→ WHAT TO DO: Take every record and write it out again exactly, with no images included.

→ DATA SUPPLIED:
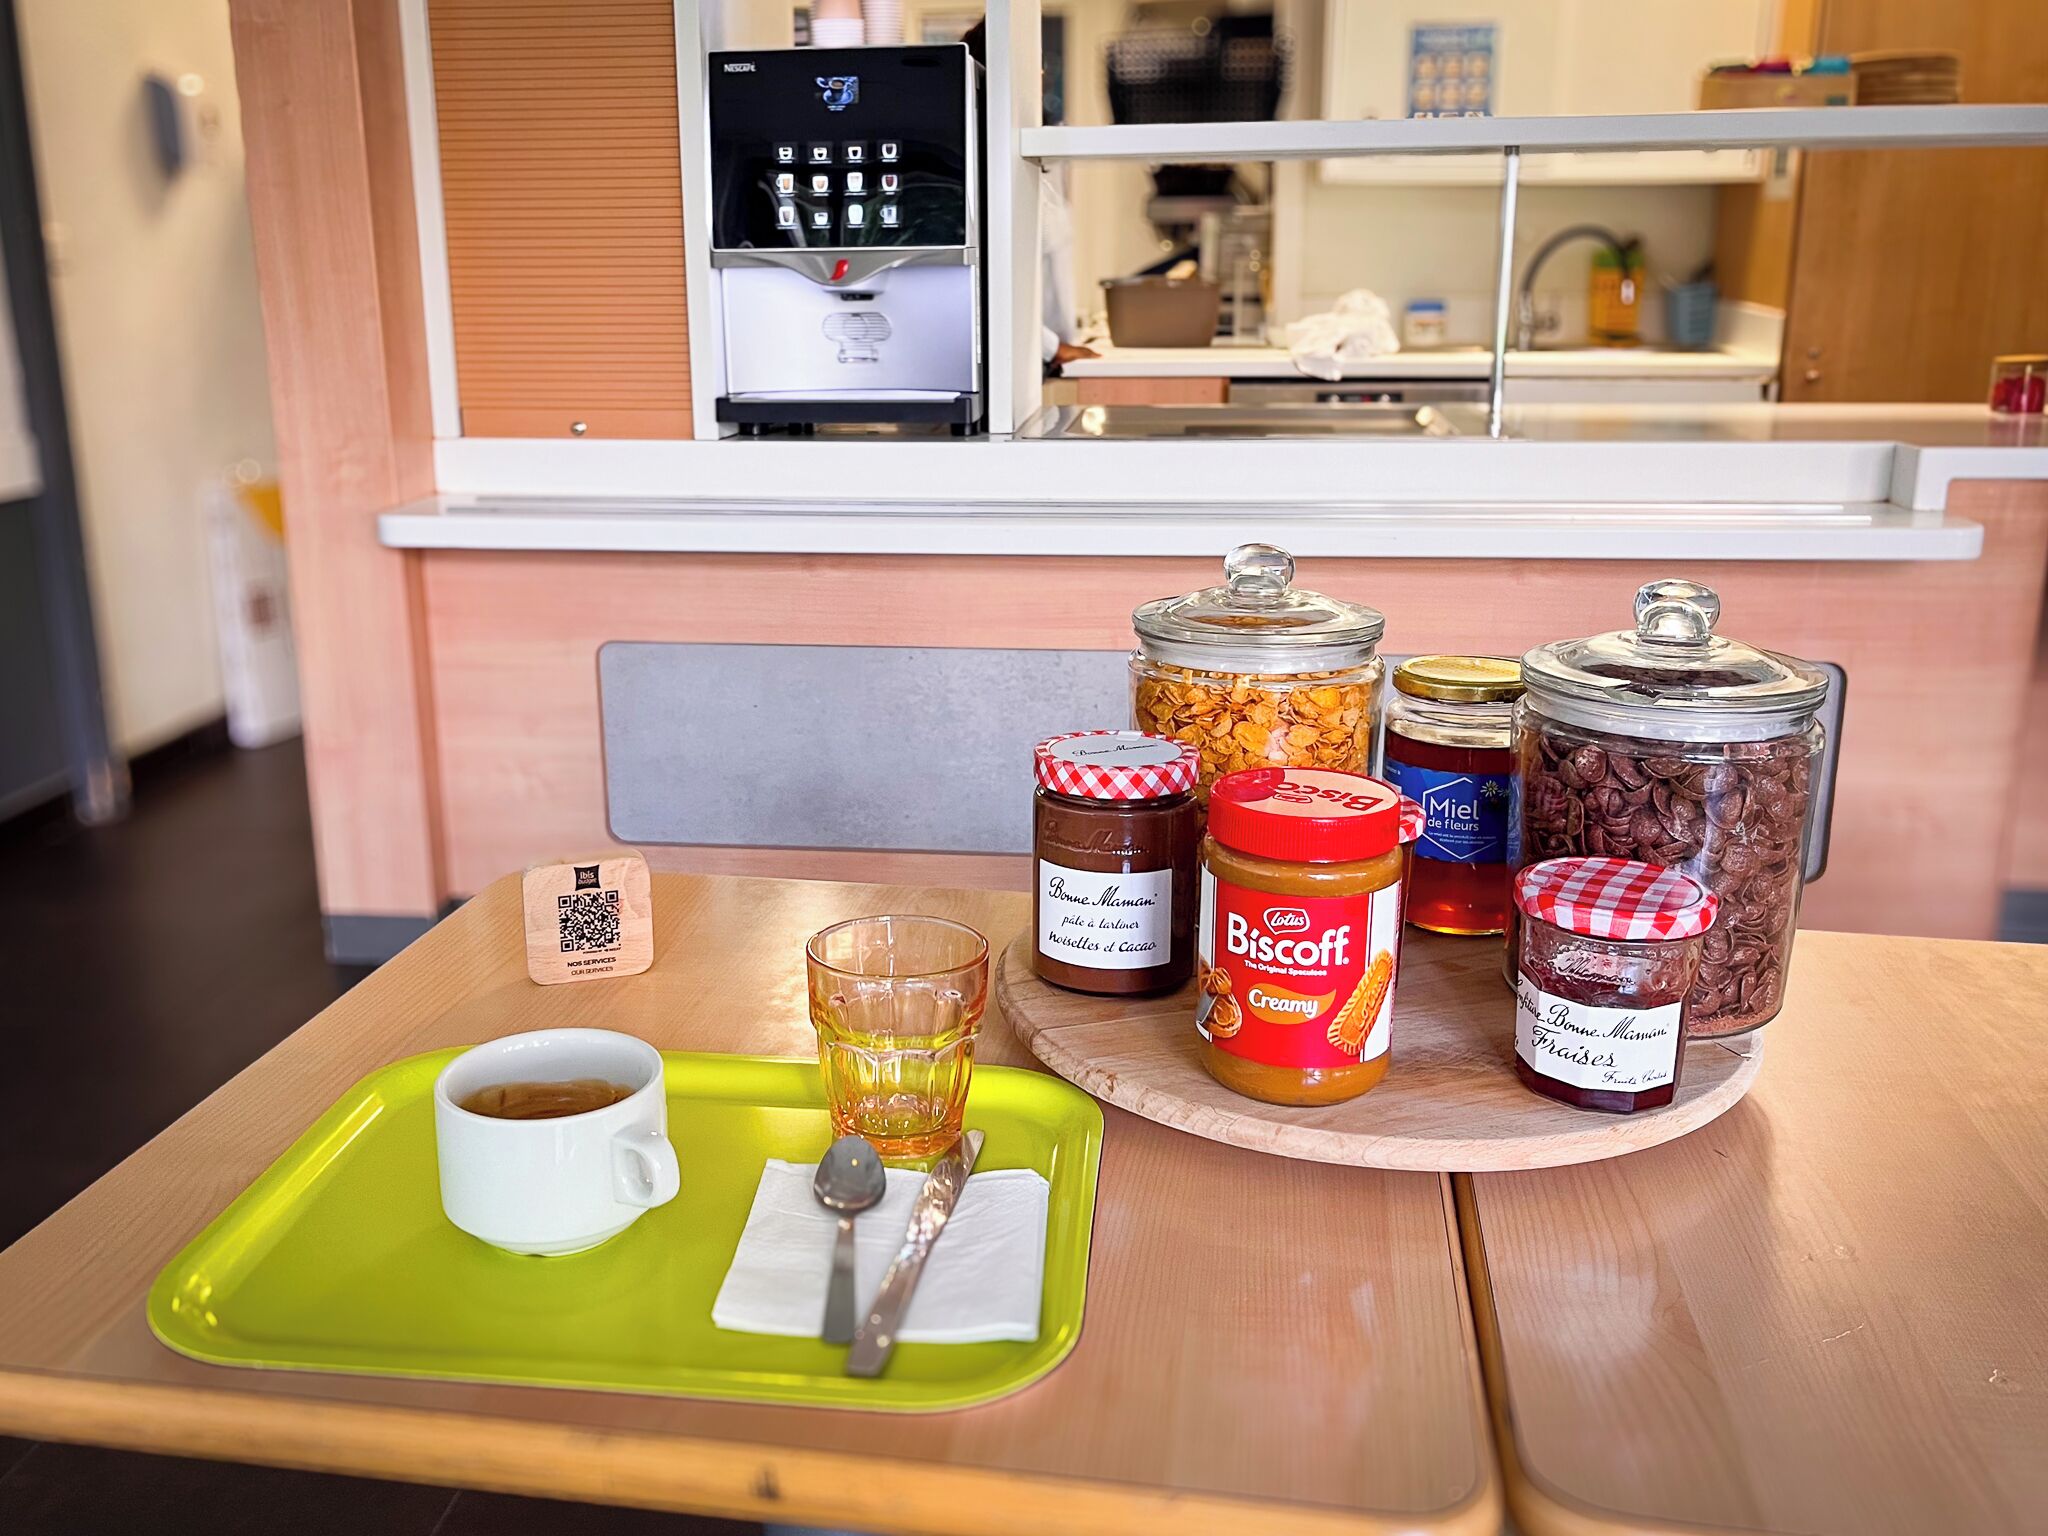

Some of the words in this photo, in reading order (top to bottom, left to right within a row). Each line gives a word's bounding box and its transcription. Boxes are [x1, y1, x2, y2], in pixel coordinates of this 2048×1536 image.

[1429, 796, 1479, 820] Miel
[1427, 817, 1442, 828] de
[1444, 819, 1479, 831] fleurs
[1049, 876, 1090, 905] Bonne
[1061, 915, 1085, 927] pâte
[1087, 919, 1095, 928] à
[1098, 918, 1140, 929] tartiner
[1270, 911, 1305, 927] Lotus
[1103, 941, 1115, 952] et
[1228, 911, 1351, 967] Biscoff
[567, 960, 583, 968] NOS
[583, 956, 617, 966] SERVICES
[1244, 959, 1257, 969] The
[1257, 963, 1287, 975] Original
[571, 968, 585, 976] OUR
[585, 966, 614, 975] SERVICES
[1248, 988, 1318, 1019] Creamy
[1547, 1004, 1600, 1038] Bonne
[1532, 1025, 1618, 1068] Fraises
[1602, 1071, 1637, 1085] Fruits

→ FINISHED TASK:
Some of the words in this photo, in reading order (top to bottom, left to right within a row). Each line gives a word's bounding box and its transcription. Boxes are [x1, y1, x2, y2], in pixel coordinates of this 2048×1536 image.

[1429, 796, 1479, 820] Miel
[1427, 817, 1442, 828] de
[1444, 819, 1479, 831] fleurs
[1049, 876, 1090, 905] Bonne
[1061, 915, 1085, 927] pâte
[1087, 919, 1095, 928] à
[1098, 918, 1140, 929] tartiner
[1270, 911, 1305, 927] Lotus
[1103, 941, 1115, 952] et
[1228, 911, 1351, 967] Biscoff
[567, 960, 583, 968] NOS
[583, 956, 617, 966] SERVICES
[1244, 959, 1257, 969] The
[1257, 963, 1287, 975] Original
[571, 968, 585, 976] OUR
[585, 966, 614, 975] SERVICES
[1248, 988, 1318, 1019] Creamy
[1547, 1004, 1600, 1038] Bonne
[1532, 1025, 1618, 1068] Fraises
[1602, 1071, 1637, 1085] Fruits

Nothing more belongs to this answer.